What is required >>
Quote exactly the lines from the one with "this 1600×979 image." to the end of the data, both included; omit the pictures.

[Stored records]
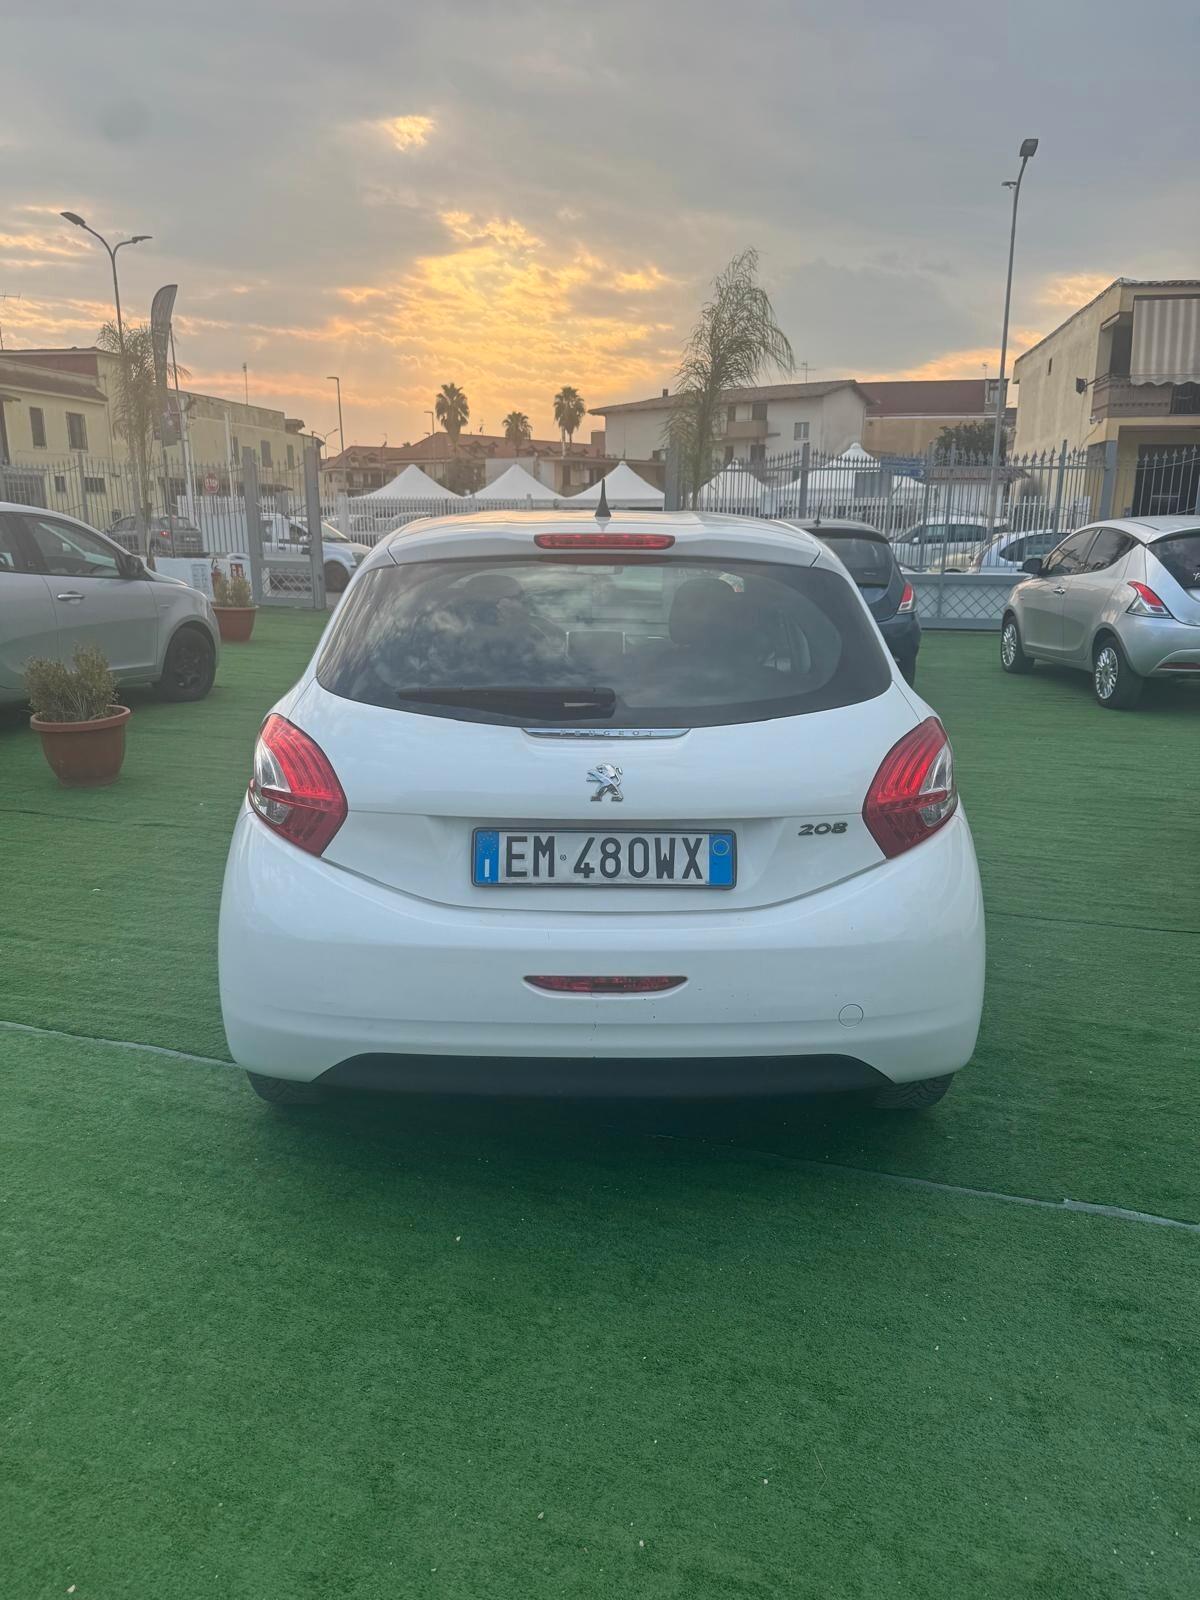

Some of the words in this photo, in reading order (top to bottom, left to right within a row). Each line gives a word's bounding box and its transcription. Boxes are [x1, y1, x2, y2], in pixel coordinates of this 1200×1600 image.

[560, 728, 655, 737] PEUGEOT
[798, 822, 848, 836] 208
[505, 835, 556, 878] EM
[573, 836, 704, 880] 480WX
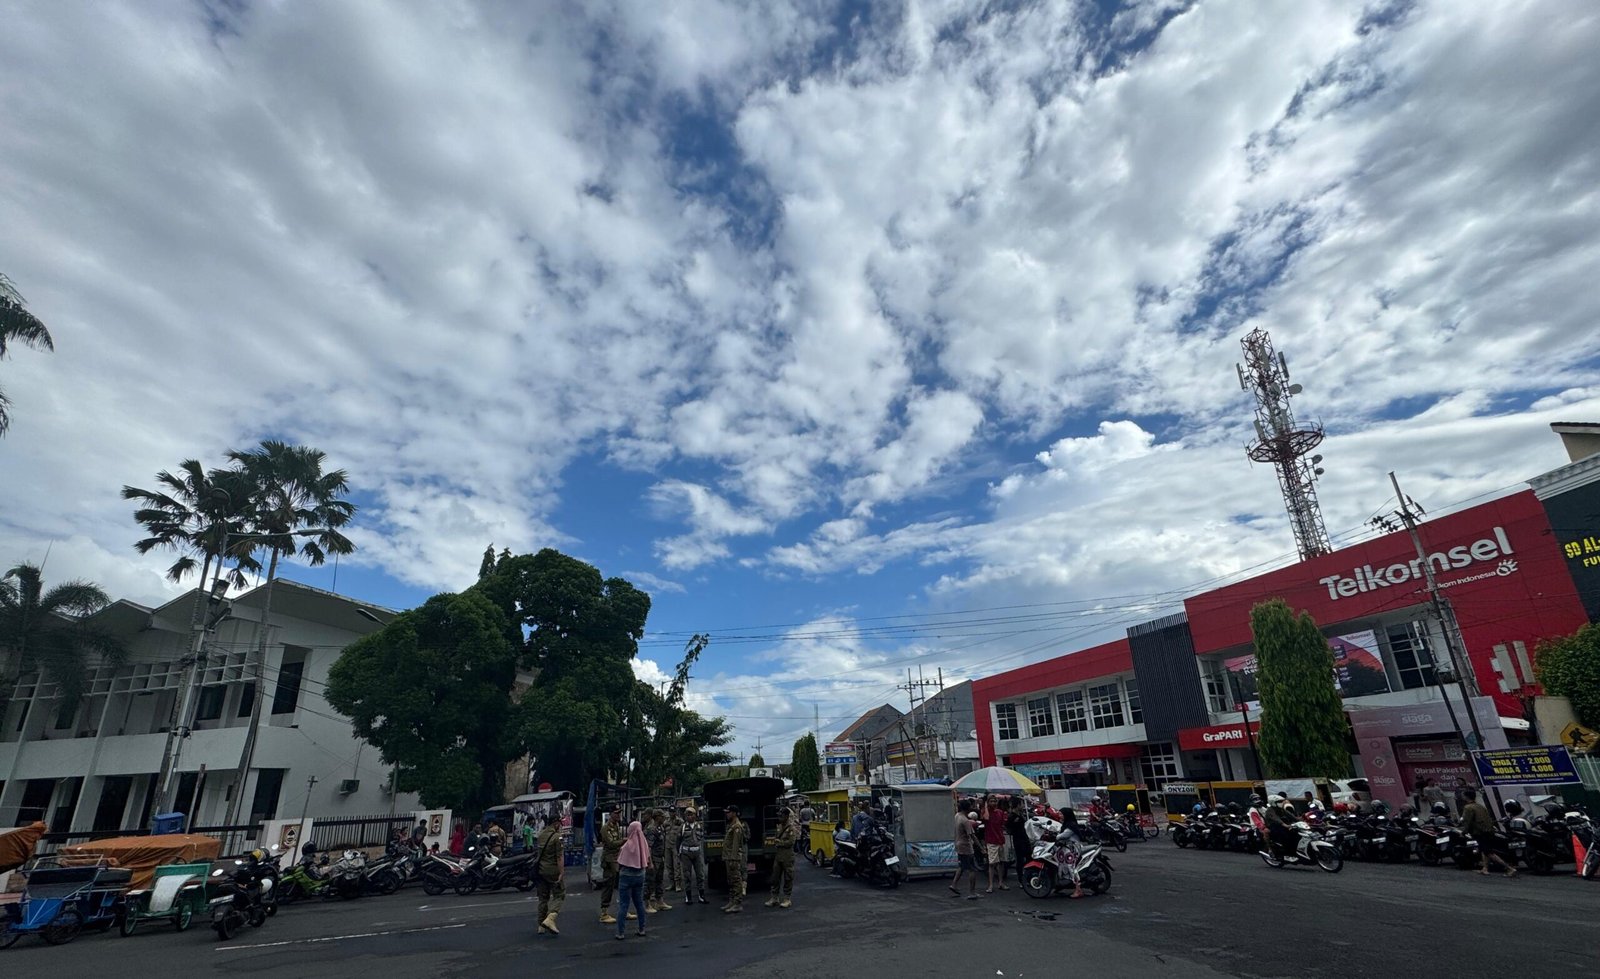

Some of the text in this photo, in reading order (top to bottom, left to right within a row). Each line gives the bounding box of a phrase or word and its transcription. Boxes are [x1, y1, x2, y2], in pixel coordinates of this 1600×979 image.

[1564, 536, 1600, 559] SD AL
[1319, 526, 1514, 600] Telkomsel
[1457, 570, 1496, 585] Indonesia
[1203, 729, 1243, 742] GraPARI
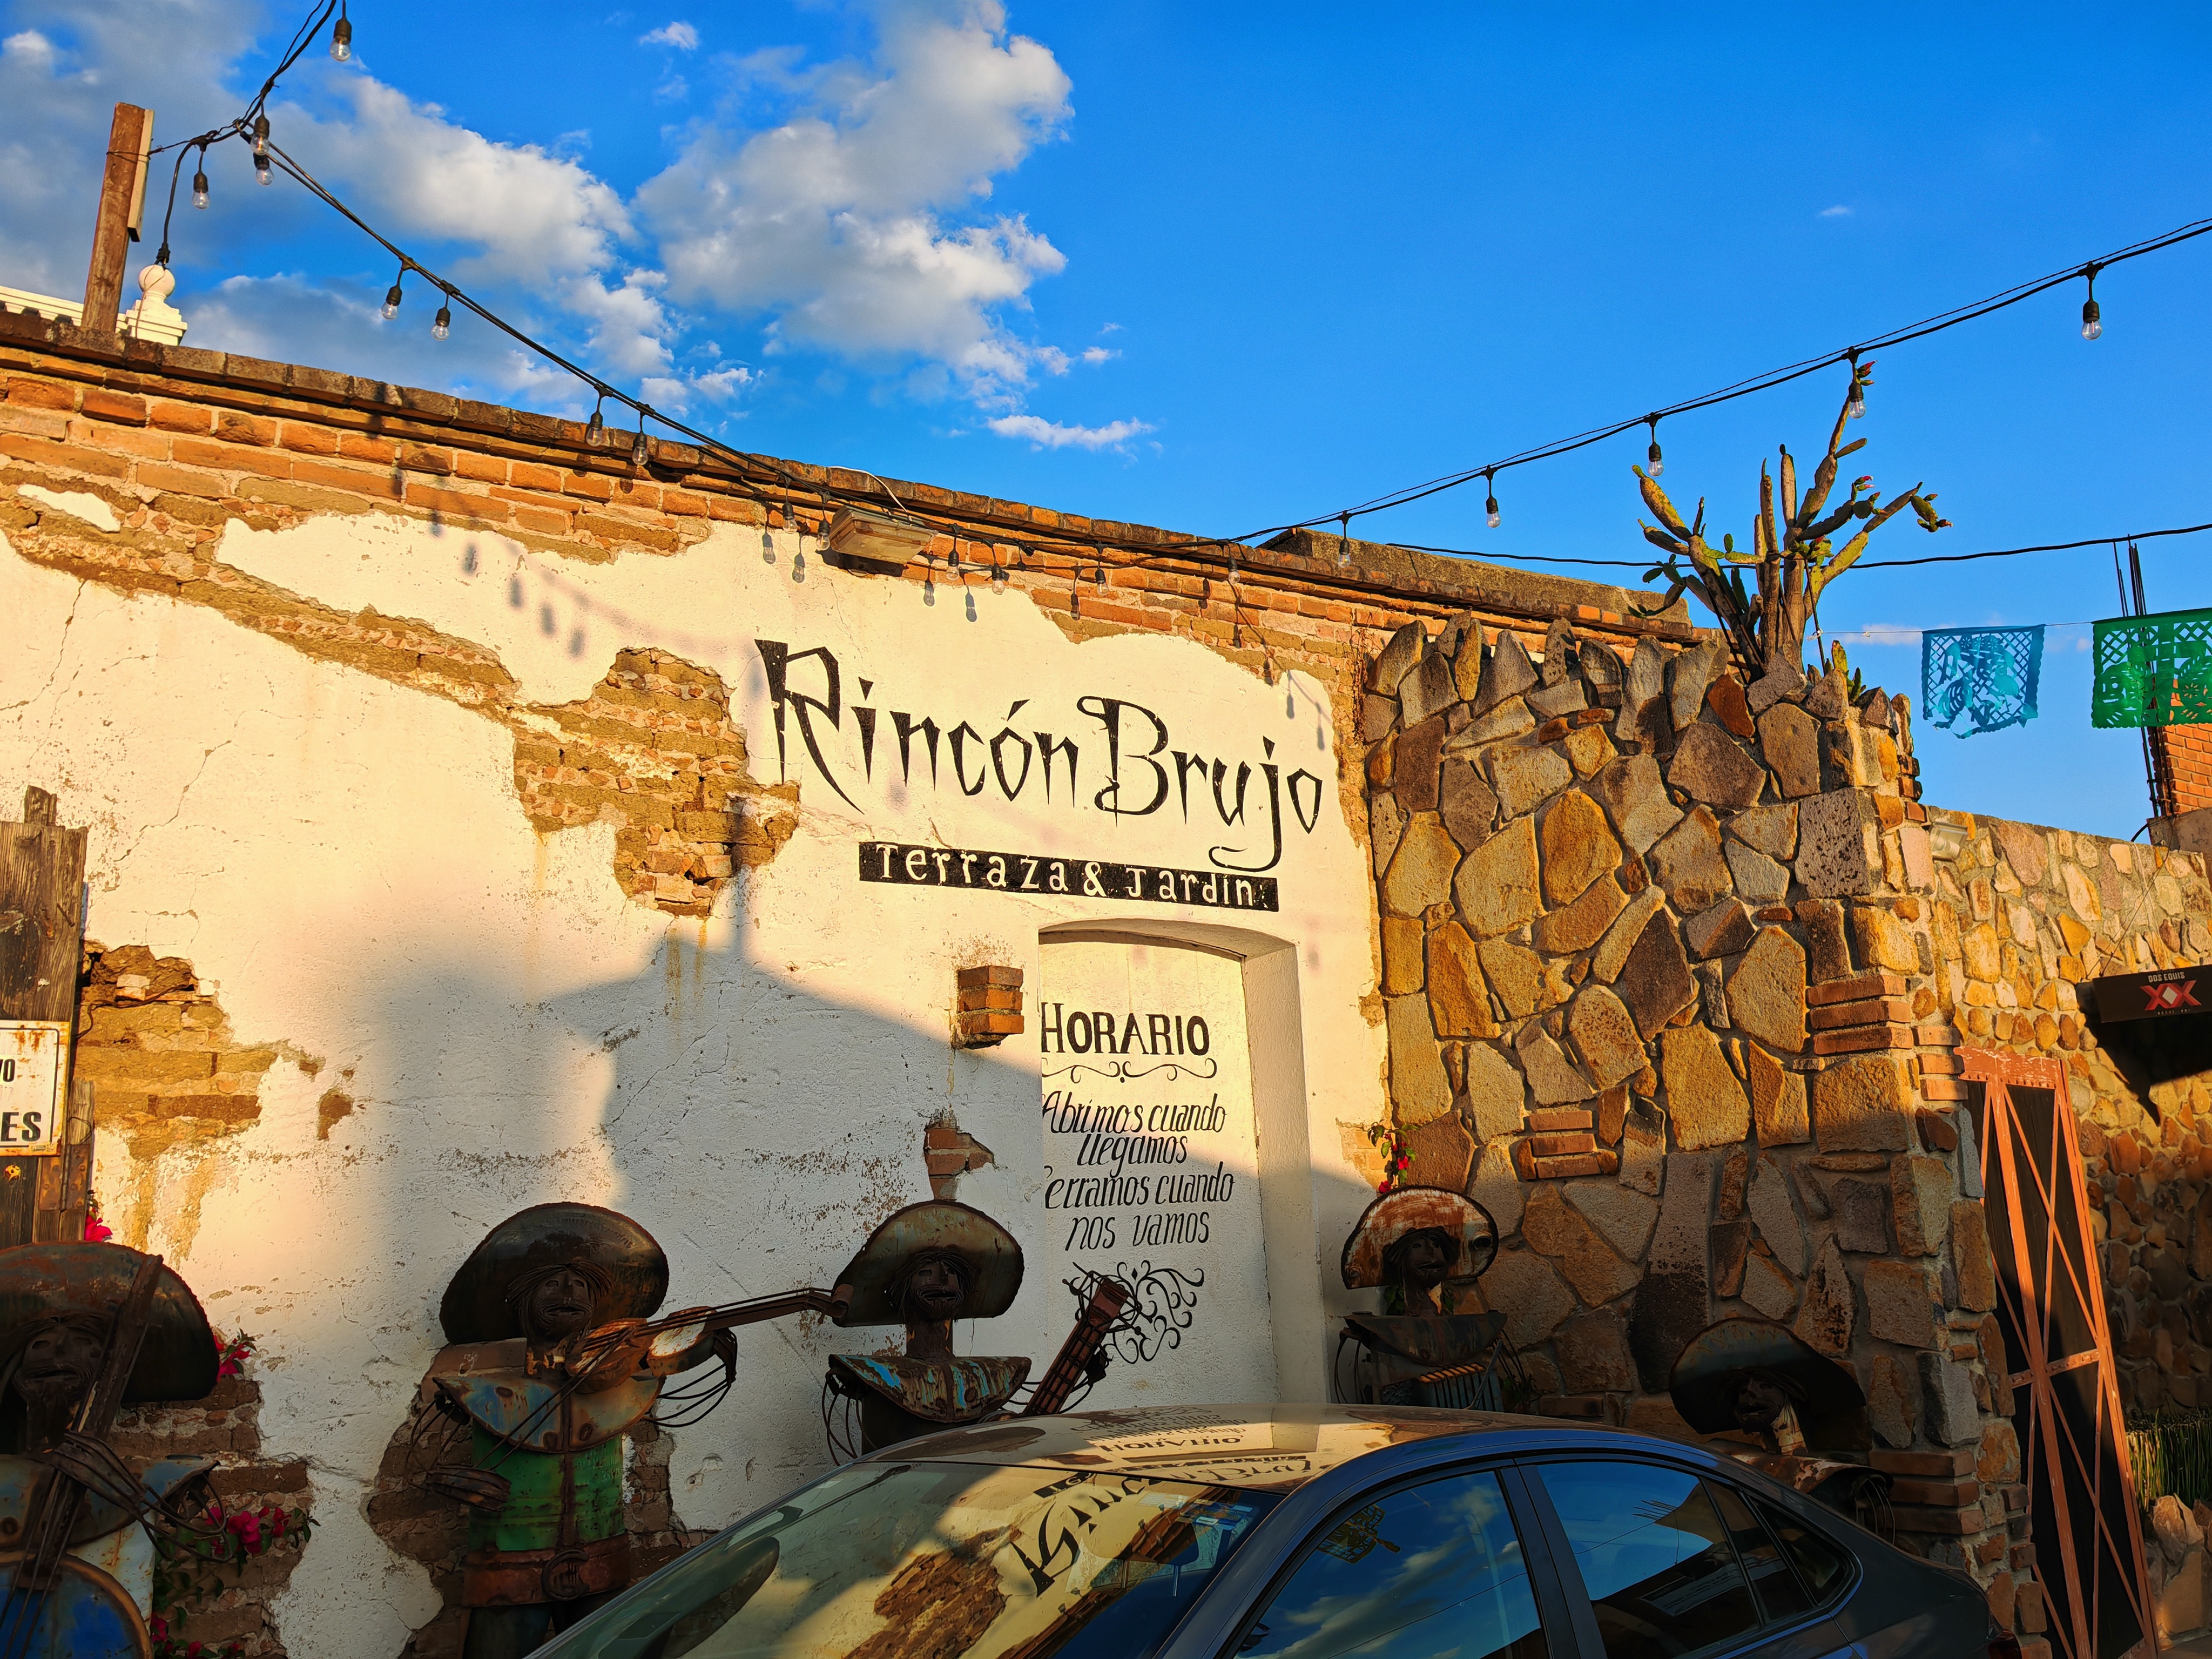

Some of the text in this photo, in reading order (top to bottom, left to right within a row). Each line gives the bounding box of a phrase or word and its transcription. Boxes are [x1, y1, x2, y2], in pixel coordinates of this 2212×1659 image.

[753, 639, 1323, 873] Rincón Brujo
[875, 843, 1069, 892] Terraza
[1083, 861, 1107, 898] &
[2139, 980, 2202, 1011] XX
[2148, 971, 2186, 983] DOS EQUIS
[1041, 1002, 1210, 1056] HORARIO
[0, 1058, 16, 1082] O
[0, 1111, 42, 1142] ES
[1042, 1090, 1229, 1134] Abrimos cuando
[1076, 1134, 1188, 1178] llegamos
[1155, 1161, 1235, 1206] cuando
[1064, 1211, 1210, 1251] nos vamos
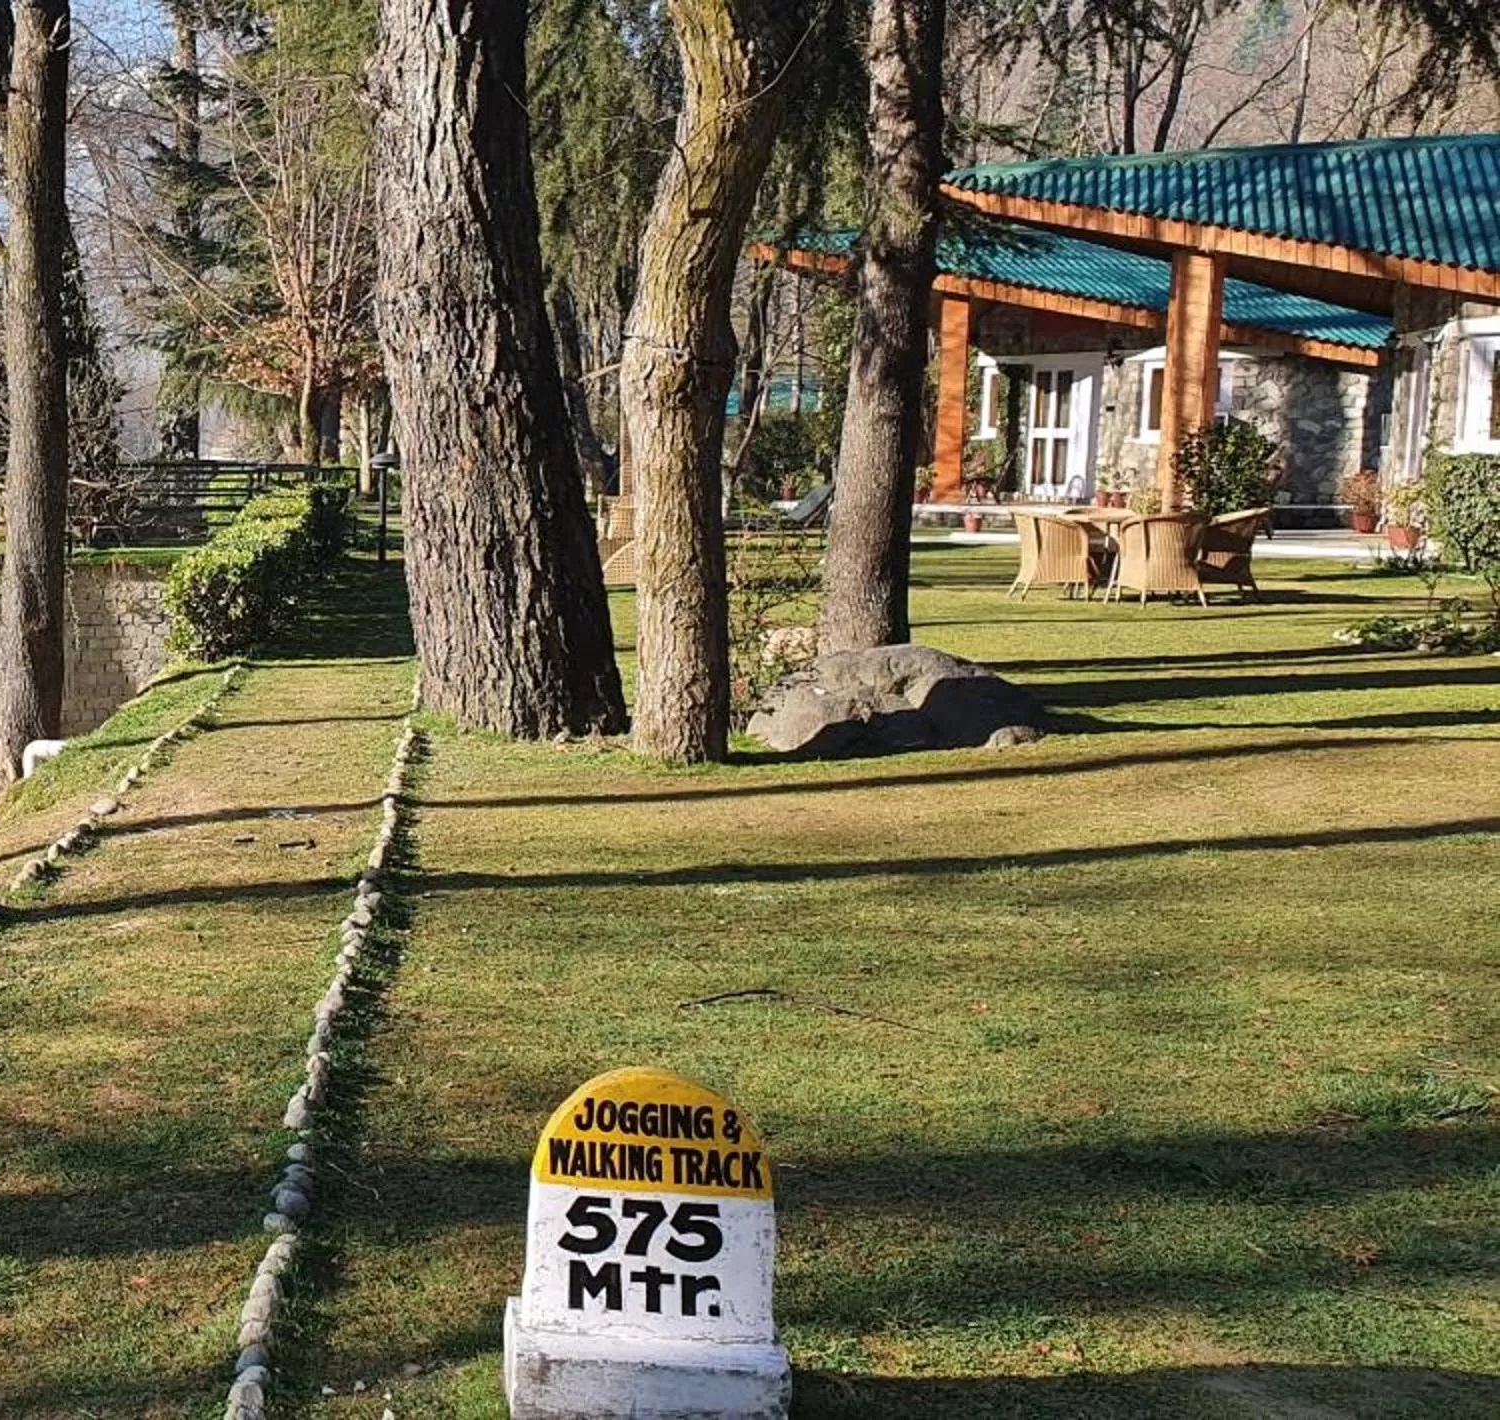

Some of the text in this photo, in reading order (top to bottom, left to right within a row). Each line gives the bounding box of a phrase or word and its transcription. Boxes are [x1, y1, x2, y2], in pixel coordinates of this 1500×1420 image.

Completed exercise >>
Some of the text in this photo, in reading order (top to bottom, left to right within a row). Each line gives the bounding box of a phrase or word and its transcription. Boxes are [x1, y1, x2, y2], in pixel coordinates of this 1600×979 image.

[1564, 536, 1600, 559] SD AL
[1319, 526, 1514, 600] Telkomsel
[1457, 570, 1496, 585] Indonesia
[1203, 729, 1243, 742] GraPARI

Some of the text in this photo, in reading order (top to bottom, left to right within a row). Each line gives the bounding box of a phrase or word and its transcription. Boxes are [x1, y1, x2, y2], in pixel coordinates of this 2212×1659 image.

[753, 639, 1323, 873] Rincón Brujo
[875, 843, 1069, 892] Terraza
[1083, 861, 1107, 898] &
[2139, 980, 2202, 1011] XX
[2148, 971, 2186, 983] DOS EQUIS
[1041, 1002, 1210, 1056] HORARIO
[0, 1058, 16, 1082] O
[0, 1111, 42, 1142] ES
[1042, 1090, 1229, 1134] Abrimos cuando
[1076, 1134, 1188, 1178] llegamos
[1155, 1161, 1235, 1206] cuando
[1064, 1211, 1210, 1251] nos vamos

Some of the text in this photo, in reading order (top to bottom, left to right within a row). Each line gives the bounding box of a phrase or word and its transcription. Boxes are [x1, y1, x2, y2], in pixel coordinates of this 1500×1420 image.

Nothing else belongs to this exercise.